- Born: February 4, 1952 (age 74) Cape Town, South Africa
- Education: University of Toronto (1976)
- Occupation: Architect
- Awards: Order of Canada
- Practice: KPMB Architects
- Website: http://www.kpmb.com/person/shirley-blumberg/

= Shirley Blumberg =

Canadian architect

Shirley Blumberg (CM, OAA, FRAIC, AIA, RIBA) (born February 4, 1952) is a Canadian architect and a founding partner of KPMB Architects, established in Toronto in 1987. She has led many of the firm’s notable academic, cultural, workplace, and social housing projects in Canada and the United States.

Blumberg was invested as a Member of the Order of Canada in 2013 “for her contributions to architecture and for her commitment to creating spaces that foster a sense of community."

In 2025, she received the Royal Architectural Institute of Canada Gold Medal. In a May 2025 supplement published by Canadian Architect, urban designer Ken Greenberg wrote: “…what has set [Blumberg] apart is her passionate dedication to architecture as a social art." In the same issue, Ron McCoy, university architect at Princeton University, commented: “Through the beauty of her designs and her leadership within the profession, Shirley has made remarkable contributions to contemporary architecture throughout North America.”

Blumberg is also the recipient of the King Charles III Coronation Medal for Architecture. Her work has won numerous awards, including Governor General’s Medals in Architecture, Honours Awards from the American Institute of Architects (AIA), and International Awards from the Royal Institute of British Architects (RIBA).

==Education and early career==
Blumberg was born in Cape Town, South Africa in 1952. In opposition to the apartheid regime in her home country, she immigrated to Canada in 1974, after working for a year in London, England. Having started her architectural education at the University of Cape Town, she completed her studies and graduated from the University of Toronto in 1976.

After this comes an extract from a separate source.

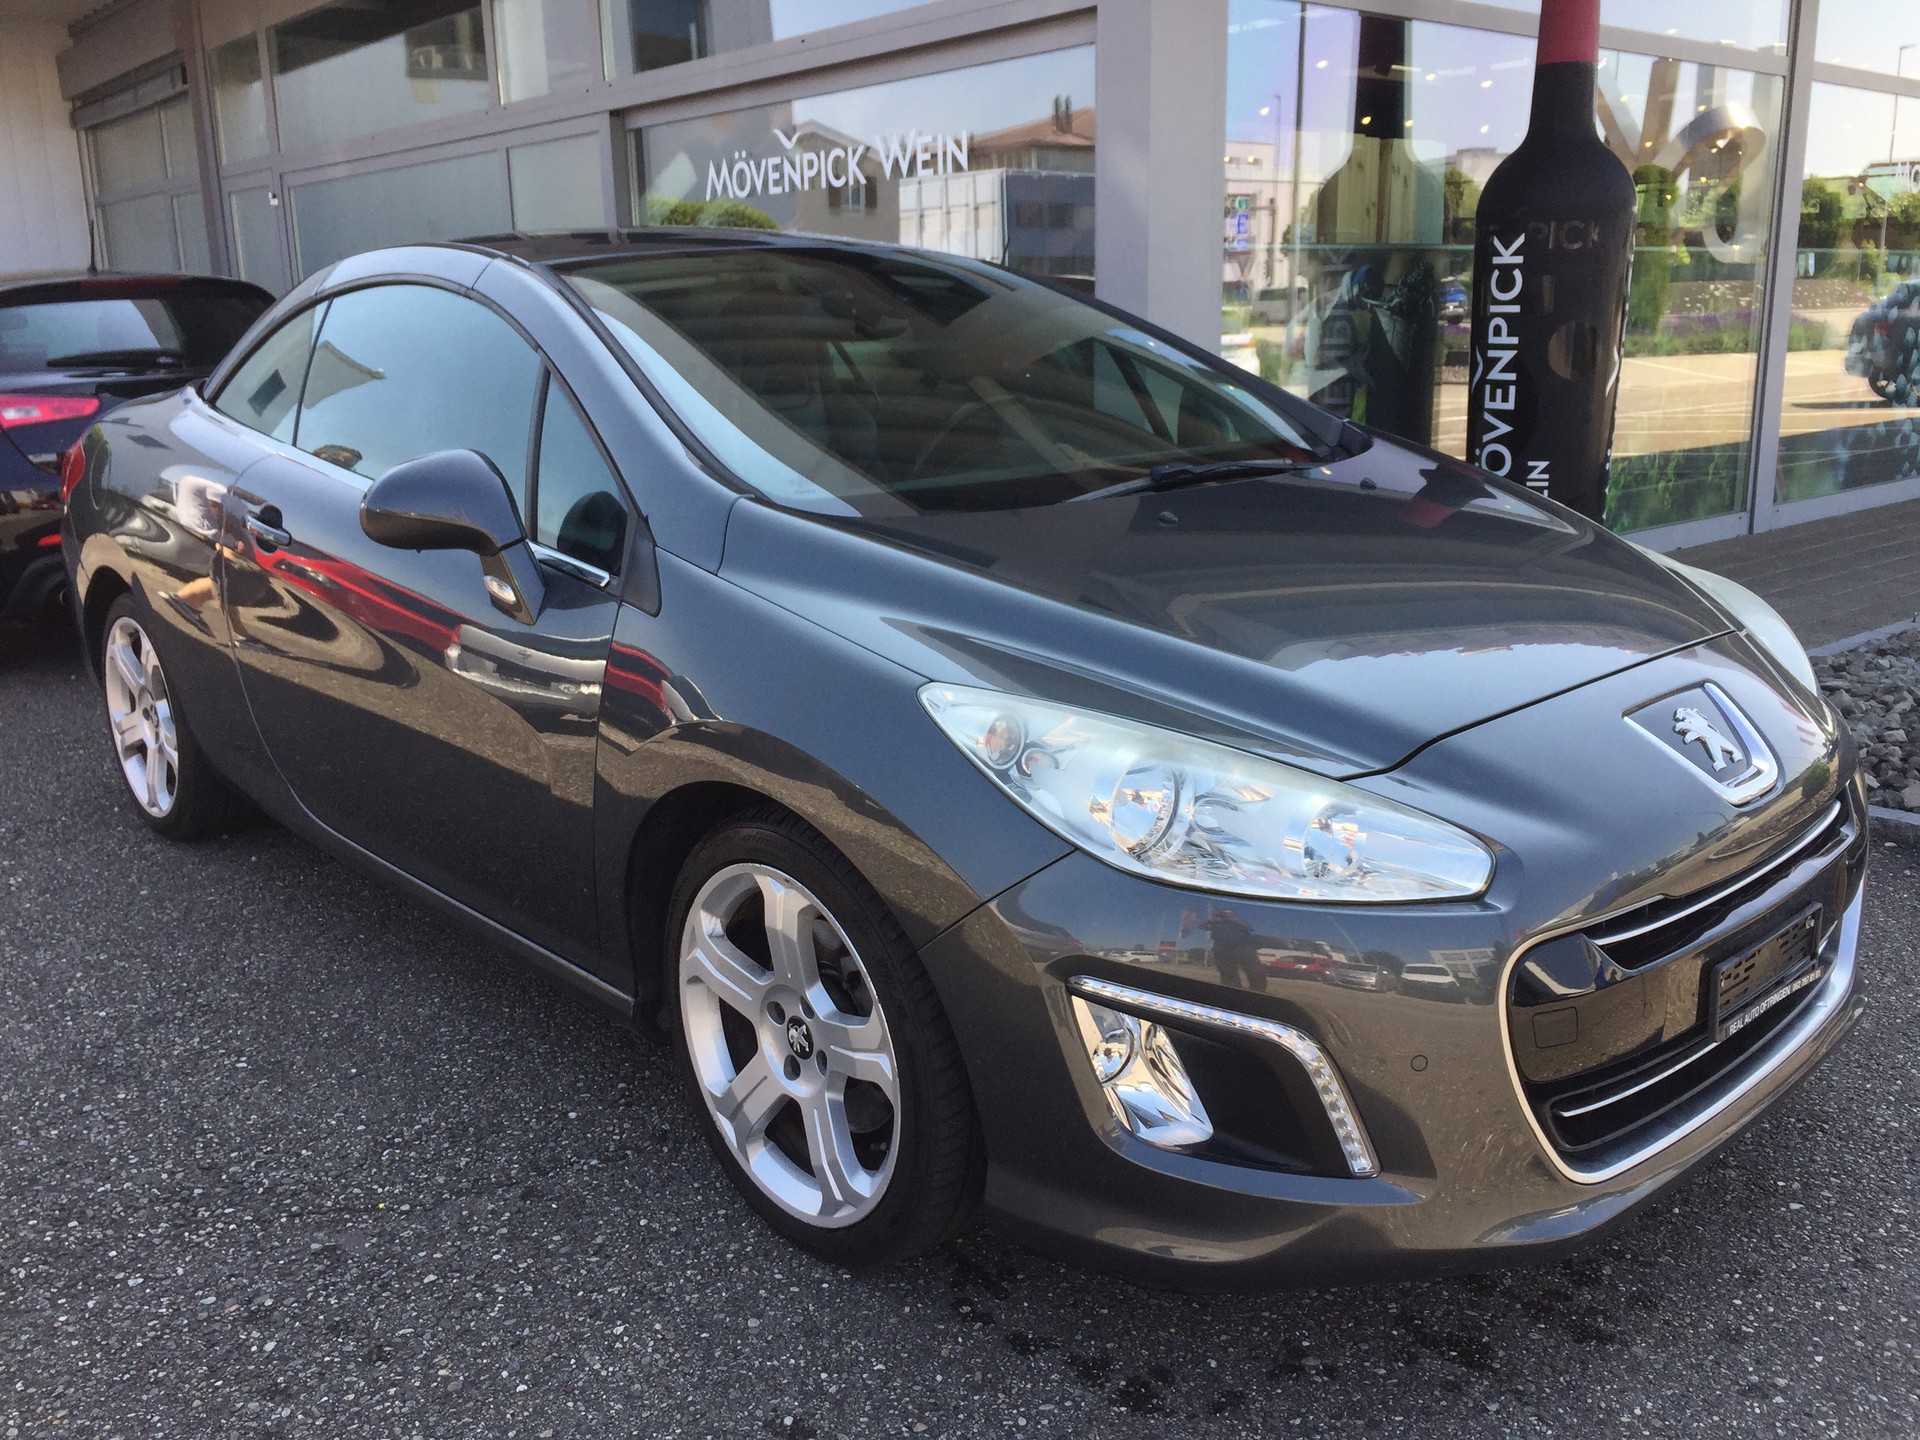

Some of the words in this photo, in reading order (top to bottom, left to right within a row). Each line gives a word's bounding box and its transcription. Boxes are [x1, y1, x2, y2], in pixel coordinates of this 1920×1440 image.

[705, 144, 868, 201] MÖVENPICK
[876, 129, 969, 180] WEIN
[1473, 232, 1526, 477] ÖVENPICK
[1744, 1006, 1760, 1025] AUTO

In 1977, she joined Barton Myers Associates in Toronto. Ten years in later, in 1987, she formed KPMB Architects — known as Kuwabara Payne McKenna and Blumberg Architects — with Bruce Kuwabara, Thomas Payne, and Marianne McKenna, then fellow associates at Barton Myers.

== Practice ==
Blumberg has led academic projects with institutions in Canada and the United States, including Princeton University, University of Pennsylvania, University of Toronto, McMaster University, University of Waterloo, Wilfrid Laurier University, and University of British Columbia.

Blumberg’s portfolio of cultural projects includes several museums and art galleries. An entrance pavilion addition to the Beaverbrook Art Gallery in Fredericton, New Brunswick was included in Domus magazine’s list of the 15 best architectural projects of 2023. A new building for the Montreal Holocaust Museum, won via international design competition, is currently under construction.

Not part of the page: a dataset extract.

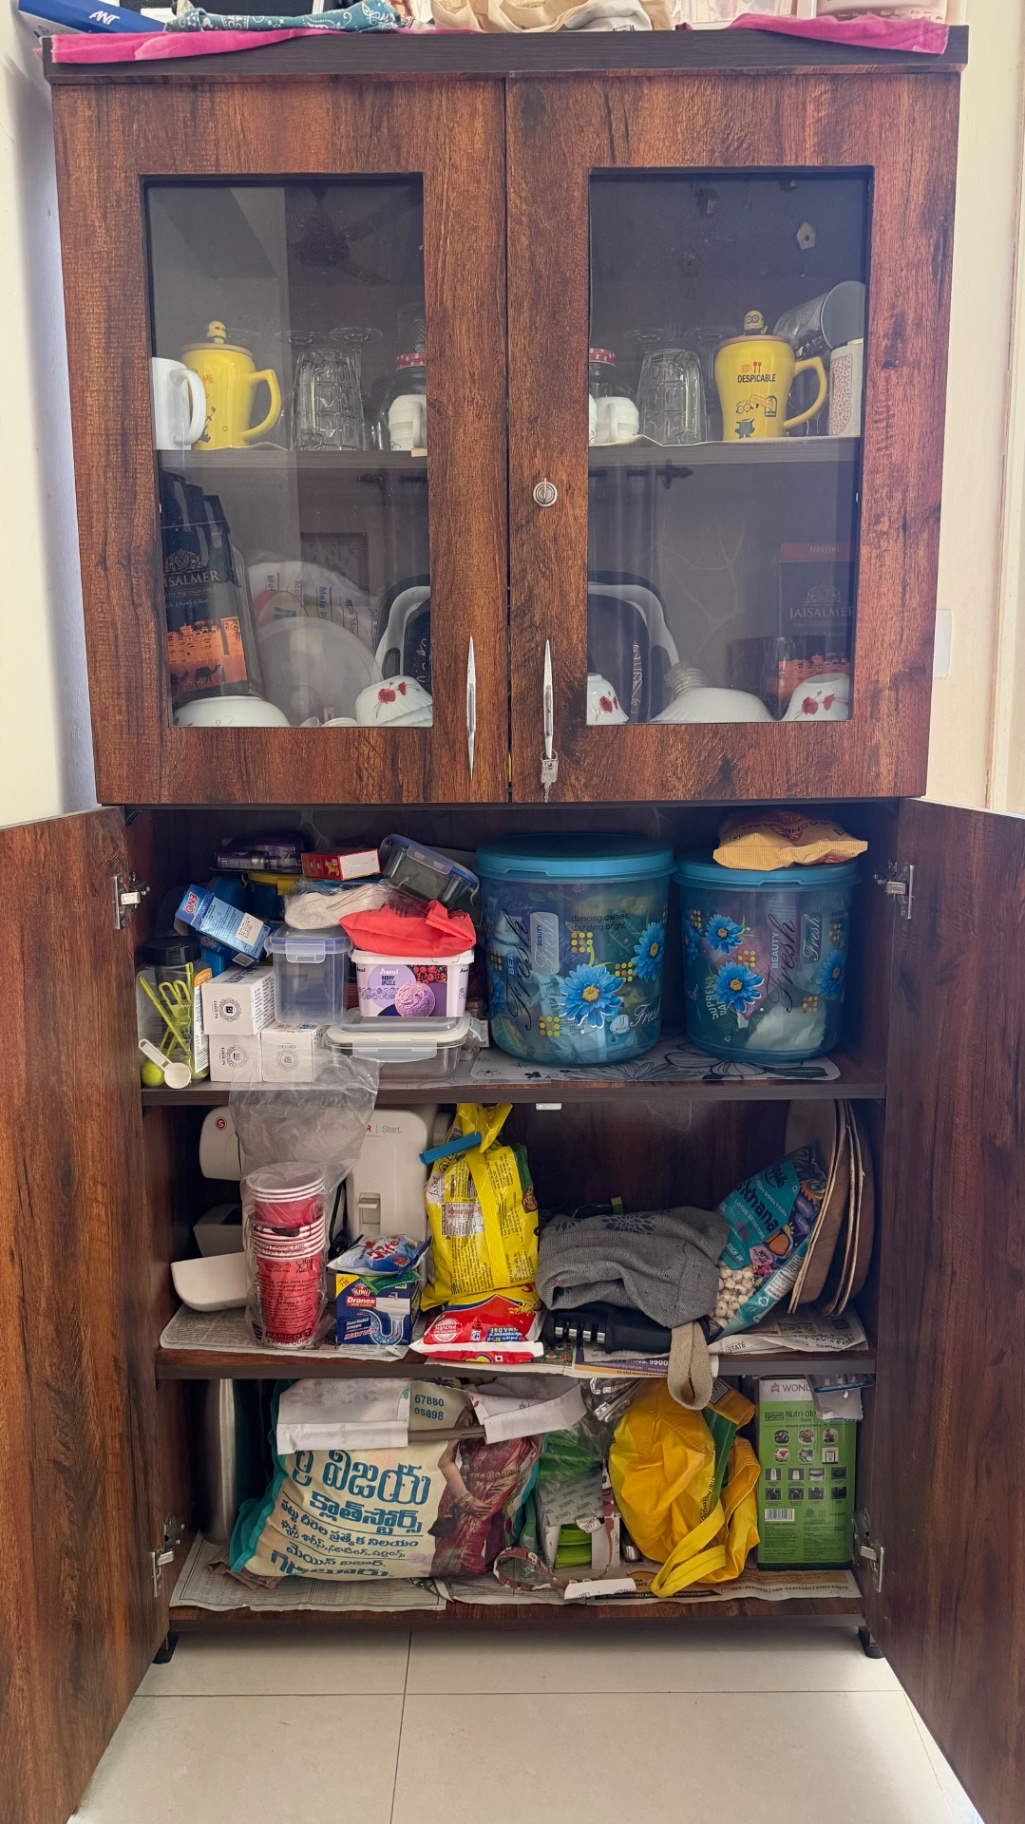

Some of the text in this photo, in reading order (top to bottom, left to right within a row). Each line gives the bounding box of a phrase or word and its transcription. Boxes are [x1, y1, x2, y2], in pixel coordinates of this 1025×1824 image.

Growing up in South Africa during the apartheid era has motivated Blumberg to engage in advocacy and established social justice as a primary focus of her practice. Her portfolio includes affordable housing developments with Toronto Community Housing Corporation and a housing model co-created with Two Row Architect and the Fort Severn First Nation in northern Ontario. The latter was recognized with the 2021 World Architecture Festival Award for Social Equity.

== Contributions to the architectural community ==
Blumberg has taught and lectured in Canada, the United States, and Europe. She is currently engaged in a five-year research project on the Architecture of Law Schools throughout North America. In 2022, she completed a residency at the Canadian Centre for Architecture.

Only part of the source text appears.